╭──

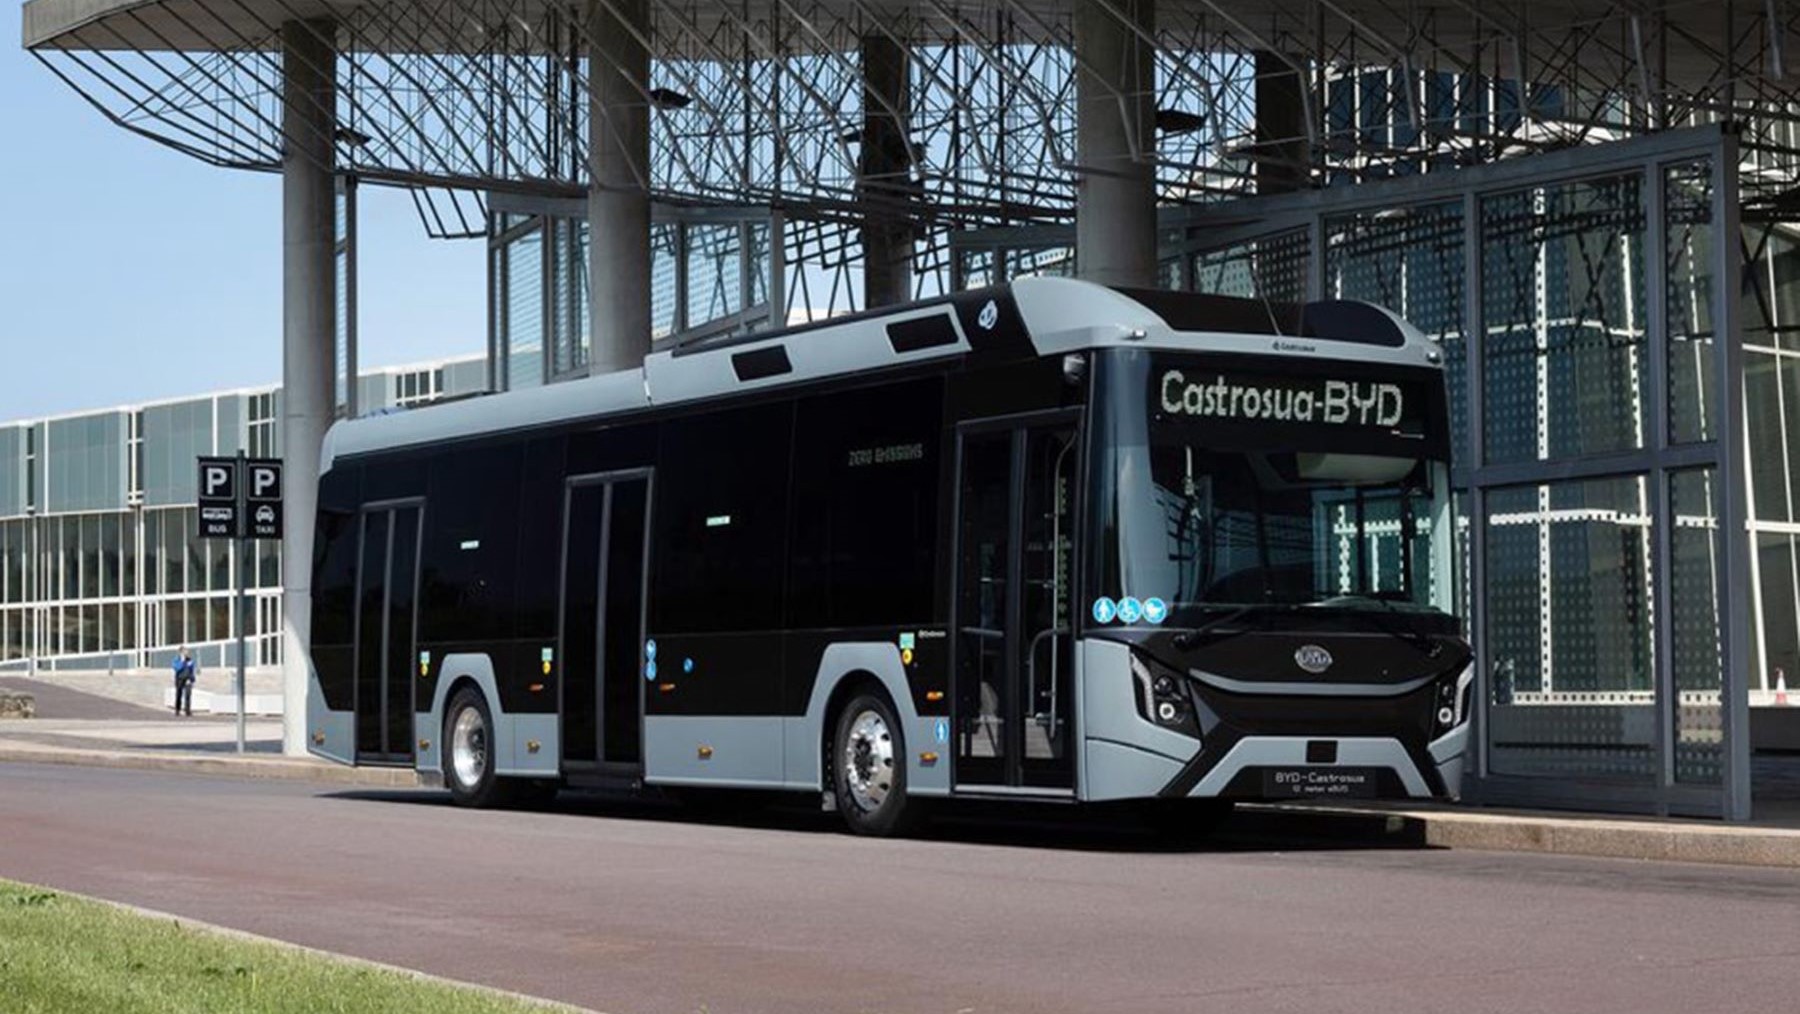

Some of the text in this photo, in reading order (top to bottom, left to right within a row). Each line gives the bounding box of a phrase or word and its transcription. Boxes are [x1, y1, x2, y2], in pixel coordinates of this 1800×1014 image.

[1161, 369, 1403, 427] Castrosua-BYD
[207, 467, 227, 495] P
[255, 468, 275, 496] P
[208, 524, 227, 533] BUS

╰──

▸ Work task
Please reproduce the data above word for word, skipping all images.

▸ Output for this exercise
Some of the text in this photo, in reading order (top to bottom, left to right within a row). Each line gives the bounding box of a phrase or word and its transcription. Boxes are [x1, y1, x2, y2], in pixel coordinates of this 1800×1014 image.

[1161, 369, 1403, 427] Castrosua-BYD
[207, 467, 227, 495] P
[255, 468, 275, 496] P
[208, 524, 227, 533] BUS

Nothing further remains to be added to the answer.